What is needed:
Copy out every record that follows, word for word.

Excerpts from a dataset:
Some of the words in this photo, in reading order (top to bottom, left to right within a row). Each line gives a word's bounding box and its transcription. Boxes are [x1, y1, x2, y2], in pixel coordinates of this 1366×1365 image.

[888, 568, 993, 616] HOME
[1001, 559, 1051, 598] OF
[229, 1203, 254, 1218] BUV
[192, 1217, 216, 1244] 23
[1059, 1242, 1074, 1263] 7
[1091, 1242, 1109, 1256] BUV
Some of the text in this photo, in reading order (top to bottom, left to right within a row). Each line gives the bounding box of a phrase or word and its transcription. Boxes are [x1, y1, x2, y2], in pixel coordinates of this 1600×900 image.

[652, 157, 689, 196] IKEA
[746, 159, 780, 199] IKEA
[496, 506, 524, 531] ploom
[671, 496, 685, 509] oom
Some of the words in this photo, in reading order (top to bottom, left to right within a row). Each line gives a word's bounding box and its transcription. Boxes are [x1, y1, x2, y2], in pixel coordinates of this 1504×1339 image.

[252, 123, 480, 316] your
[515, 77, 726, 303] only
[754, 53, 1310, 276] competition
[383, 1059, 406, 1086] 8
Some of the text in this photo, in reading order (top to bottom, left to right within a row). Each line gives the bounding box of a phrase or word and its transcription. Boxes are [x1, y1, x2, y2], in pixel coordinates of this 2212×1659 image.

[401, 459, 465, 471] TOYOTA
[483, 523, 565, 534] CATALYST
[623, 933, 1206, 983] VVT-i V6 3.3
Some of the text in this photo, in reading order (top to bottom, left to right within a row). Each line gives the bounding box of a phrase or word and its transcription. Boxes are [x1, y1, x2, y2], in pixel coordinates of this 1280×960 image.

The completed task:
Some of the words in this photo, in reading order (top to bottom, left to right within a row). Each line gives a word's bounding box and its transcription. Boxes are [x1, y1, x2, y2], in pixel coordinates of this 1366×1365 image.

[888, 568, 993, 616] HOME
[1001, 559, 1051, 598] OF
[229, 1203, 254, 1218] BUV
[192, 1217, 216, 1244] 23
[1059, 1242, 1074, 1263] 7
[1091, 1242, 1109, 1256] BUV
Some of the text in this photo, in reading order (top to bottom, left to right within a row). Each line gives the bounding box of a phrase or word and its transcription. Boxes are [x1, y1, x2, y2], in pixel coordinates of this 1600×900 image.

[652, 157, 689, 196] IKEA
[746, 159, 780, 199] IKEA
[496, 506, 524, 531] ploom
[671, 496, 685, 509] oom
Some of the words in this photo, in reading order (top to bottom, left to right within a row). Each line gives a word's bounding box and its transcription. Boxes are [x1, y1, x2, y2], in pixel coordinates of this 1504×1339 image.

[252, 123, 480, 316] your
[515, 77, 726, 303] only
[754, 53, 1310, 276] competition
[383, 1059, 406, 1086] 8
Some of the text in this photo, in reading order (top to bottom, left to right within a row). Each line gives the bounding box of a phrase or word and its transcription. Boxes are [x1, y1, x2, y2], in pixel coordinates of this 2212×1659 image.

[401, 459, 465, 471] TOYOTA
[483, 523, 565, 534] CATALYST
[623, 933, 1206, 983] VVT-i V6 3.3
Some of the text in this photo, in reading order (top to bottom, left to right within a row). Each line gives the bounding box of a phrase or word and its transcription. Boxes are [x1, y1, x2, y2], in pixel coordinates of this 1280×960 image.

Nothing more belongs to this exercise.